Hasselback Sweet Potatoes



I’ve seen hasselback potatoes in recipe books and on social media but had never eaten them until now. In all honesty they seemed like a bit of a hassle….but I’ve been seeing them everywhere so they must be alright, and gosh darn do they look pretty, so I thought I’d give ‘em a go. Much research has also given me a seriously easy chopping technique (a ‘hack’ I believe is the right term) and it turns out they are definitely worth the hassle after all.
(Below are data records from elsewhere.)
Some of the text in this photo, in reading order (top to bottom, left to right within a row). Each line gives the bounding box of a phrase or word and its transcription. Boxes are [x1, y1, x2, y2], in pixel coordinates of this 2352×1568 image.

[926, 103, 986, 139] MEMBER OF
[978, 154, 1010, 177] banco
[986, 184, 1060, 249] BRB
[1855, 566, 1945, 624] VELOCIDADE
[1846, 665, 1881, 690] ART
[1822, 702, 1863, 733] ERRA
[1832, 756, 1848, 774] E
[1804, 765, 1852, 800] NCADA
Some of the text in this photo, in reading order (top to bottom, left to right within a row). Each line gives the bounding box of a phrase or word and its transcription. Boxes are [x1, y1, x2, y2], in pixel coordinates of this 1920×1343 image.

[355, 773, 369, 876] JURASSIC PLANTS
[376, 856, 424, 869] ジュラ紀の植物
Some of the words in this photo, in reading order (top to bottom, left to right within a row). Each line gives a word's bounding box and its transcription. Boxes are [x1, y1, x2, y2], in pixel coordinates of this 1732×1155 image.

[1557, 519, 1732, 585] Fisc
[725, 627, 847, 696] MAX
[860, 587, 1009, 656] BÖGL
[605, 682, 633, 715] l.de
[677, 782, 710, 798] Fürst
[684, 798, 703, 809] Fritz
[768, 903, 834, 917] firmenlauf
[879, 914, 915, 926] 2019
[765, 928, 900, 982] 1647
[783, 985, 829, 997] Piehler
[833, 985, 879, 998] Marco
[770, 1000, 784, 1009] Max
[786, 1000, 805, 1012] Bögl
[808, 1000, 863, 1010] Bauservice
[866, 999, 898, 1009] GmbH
My good friend Sophy cleverly recommended I try sweet potatoes instead of the classic tatty and luckily my local Aladdin’s cave, Tooting Arena, had a big pile of beautiful, gnarly, purple and red sweet potatoes for me to delve into. As we all know, sweet potatoes don’t crisp up quite as well as their paler cousins, so I’ve added some crispy garlic butter crumbs for the crunch and because, well,  who doesn’t love crispy crumbs? The sweet potatoes turn out really buttery and glorious; the general consensus being that these are perfect lazy Sunday potatoes because, really, when you come to eat it, all the chopping has already been done for you. You only need a fork for shovelling and you’re good to go.


Sweet potatoes really are a perfect cold weather/ wintry night/ fuel-after-a-long-windy-walk kind of food and these hassleback’s are a wonderful sidekick to any roast meat (we had ours with roast chicken). Can’t wait to have them again, maybe with some aioli next time…





Hasselback Sweet Potatoes with crispy garlic crumbs

Quantities: 6 potatoes

Timings: 1 hour

Kitchen stuff: Baking tray, wooden spoons

Ingredients:

6 sweet potatoes, all similar size and weight (for even baking)

2 large slices of bread (stale preferably), made into crumbs (shove them in a magi-mix or painstakingly tear)

2 fat garlic cloves, finely chopped

40g (2.5 tbsp) salted butter

A few thyme sprigs, half the leaves picked

1 tbsp grated Parmesan (more if desired)

Salt & pepper

Rapeseed or olive oil


Method:


1. SLICING METHOD: Preheat your oven to 220°C(430F). Place two wooden spoons side by side to create a channel for your potato. The height of the wooden spoon handles will create a barrier to stop you slicing the whole way through. Place your sweet potato between the two wooden spoon handles (as below) and slice the potato in small 3mm – 5mm sections all along, slicing until you hit the wooden spoon handles (so not all the way through). Repeat for all your potatoes.


2. DRIZZLE & BAKE: Drizzle your hasselback-ed potatoes with some rapeseed or olive oil and season with salt and freshly ground pepper. Bake for 20 minutes in the hot oven.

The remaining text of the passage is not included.